Financial Performance in Romania
Makita’s operations in Romania have been particularly robust. The company reported a business volume of nearly EUR 640 million locally in the previous year, highlighting its strong presence in the region. The Romanian subsidiary, known as Makita EU, operates a large factory located in Brănești. Last year, this facility achieved a turnover of almost RON 3 billion (equivalent to approximately EUR 600 million). At the end of last year, the company employed nearly 1,800 people in Romania, underscoring its role as a significant employer in the country.

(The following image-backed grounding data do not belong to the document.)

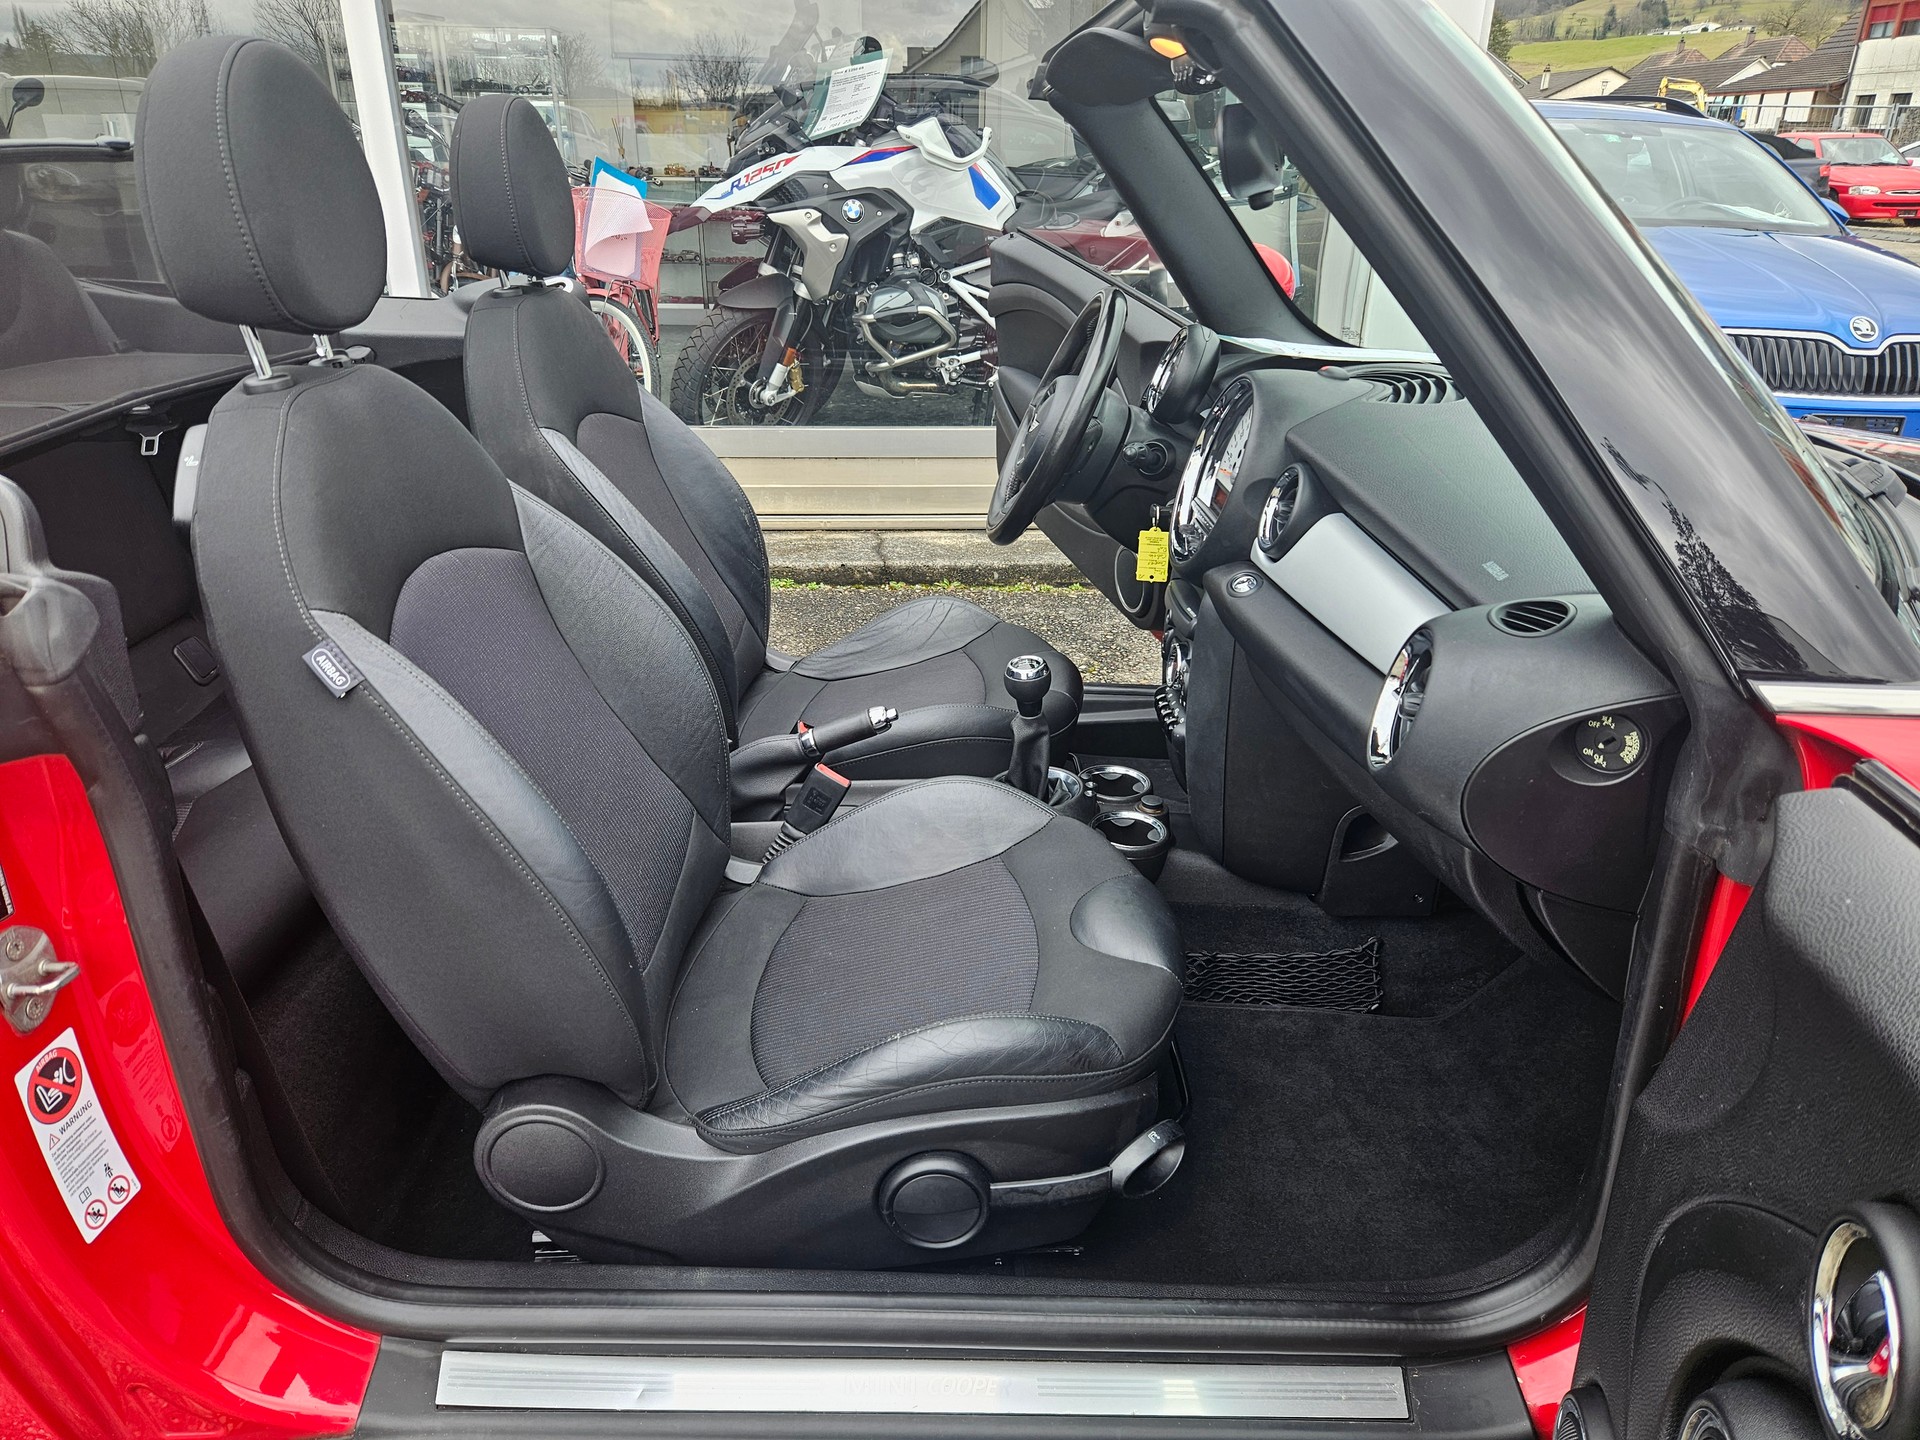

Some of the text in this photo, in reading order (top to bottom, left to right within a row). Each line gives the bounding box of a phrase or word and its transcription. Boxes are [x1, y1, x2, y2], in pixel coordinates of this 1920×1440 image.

[316, 654, 347, 686] AIRBAG
[1588, 720, 1600, 728] OFF
[1582, 747, 1594, 757] ON
[35, 1049, 58, 1073] AIRBAG
[58, 1100, 93, 1135] WARNUNG
[842, 1374, 918, 1397] MINI

Sales and Distribution Networks
The sales activities in Romania are managed through Makita Romania, a separate entity that reported a turnover of almost RON 200 million (approximately EUR 40 million) in the same period. This division plays a crucial role in distributing the company’s products within the local market. In addition to its manufacturing and sales operations in Romania, Makita maintains a strong presence in Europe. The company operates a factory in the UK and also manages a logistics center in Germany, further strengthening its distribution network across the continent.
Expansion and Diversification
By moving production from China to Romania and Thailand, Makita is not only mitigating the risks associated with US tariffs but also expanding its global footprint. This shift allows the company to better serve the US market while maintaining operational efficiency and cost control. The decision to invest in European manufacturing facilities also aligns with broader trends in global supply chain management, where companies are increasingly seeking to reduce reliance on single-source production hubs.
Future Outlook
The company’s strategic moves indicate a commitment to long-term stability and growth. By diversifying its production locations, Makita is positioning itself to navigate the complexities of international trade more effectively. This approach may also help the company respond more swiftly to changes in market demand and regulatory environments.
As the global business landscape continues to evolve, companies like Makita will need to remain agile and adaptive. Their ability to adjust production strategies in response to external factors will be key to sustaining growth and maintaining competitive advantage. With its expanded operations in Romania and Thailand, Makita is well-positioned to meet these challenges head-on.